WHAT THE TASK REQUIRES — The answer should be the records below, word for word, with every image left out.

—————

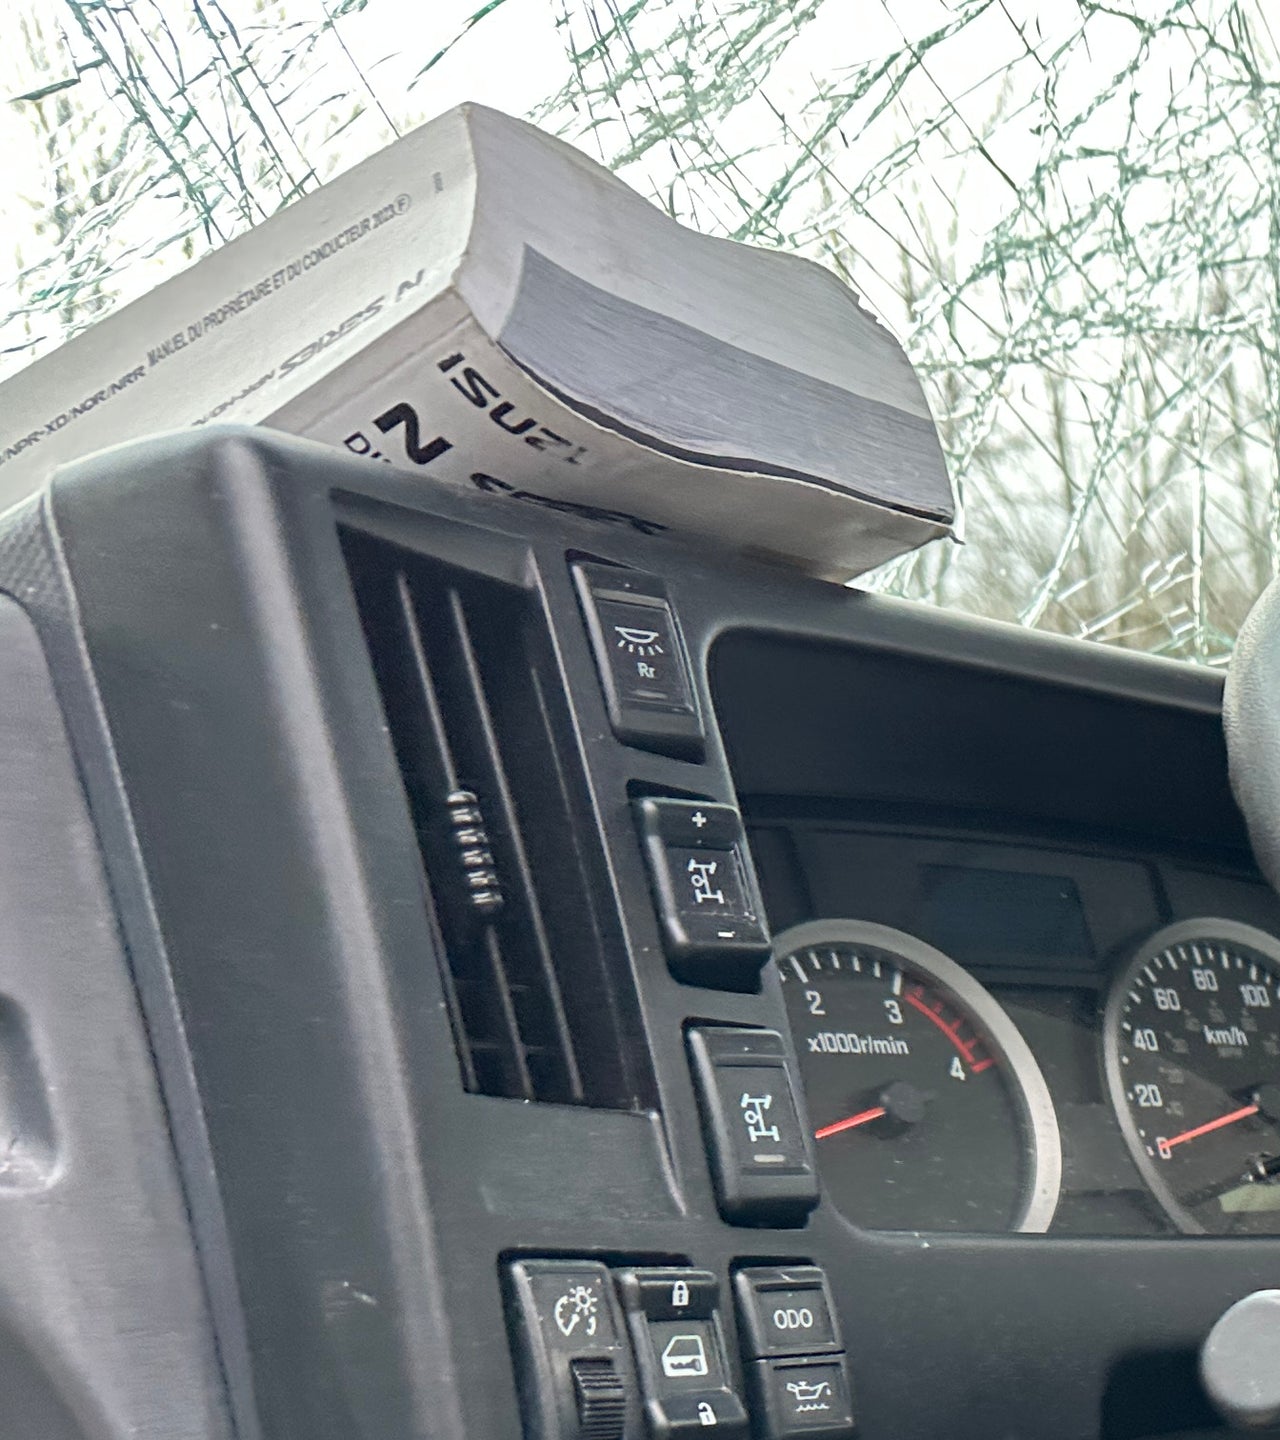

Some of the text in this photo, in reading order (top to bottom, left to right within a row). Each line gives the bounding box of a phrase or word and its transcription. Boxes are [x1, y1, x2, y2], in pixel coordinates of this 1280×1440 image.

[147, 331, 189, 367] MANUEL
[187, 321, 202, 342] DU
[272, 268, 285, 290] ET
[286, 260, 302, 281] DU
[302, 217, 371, 270] CONDUCTEUR
[396, 269, 425, 302] N
[278, 295, 386, 380] SERIES
[373, 402, 454, 465] N
[637, 661, 656, 678] Rr
[805, 990, 826, 1015] 2
[1153, 987, 1182, 1012] 60
[1239, 984, 1271, 1007] 100
[883, 999, 903, 1024] 3
[806, 1032, 910, 1055] x1000r/min
[1134, 1028, 1159, 1051] 40
[1203, 1025, 1249, 1046] km/h
[949, 1056, 966, 1081] 4
[1134, 1084, 1163, 1107] 20
[1156, 1136, 1173, 1160] 0
[773, 1308, 814, 1329] ODO

—————

RESULT —
Some of the text in this photo, in reading order (top to bottom, left to right within a row). Each line gives the bounding box of a phrase or word and its transcription. Boxes are [x1, y1, x2, y2], in pixel coordinates of this 1280×1440 image.

[147, 331, 189, 367] MANUEL
[187, 321, 202, 342] DU
[272, 268, 285, 290] ET
[286, 260, 302, 281] DU
[302, 217, 371, 270] CONDUCTEUR
[396, 269, 425, 302] N
[278, 295, 386, 380] SERIES
[373, 402, 454, 465] N
[637, 661, 656, 678] Rr
[805, 990, 826, 1015] 2
[1153, 987, 1182, 1012] 60
[1239, 984, 1271, 1007] 100
[883, 999, 903, 1024] 3
[806, 1032, 910, 1055] x1000r/min
[1134, 1028, 1159, 1051] 40
[1203, 1025, 1249, 1046] km/h
[949, 1056, 966, 1081] 4
[1134, 1084, 1163, 1107] 20
[1156, 1136, 1173, 1160] 0
[773, 1308, 814, 1329] ODO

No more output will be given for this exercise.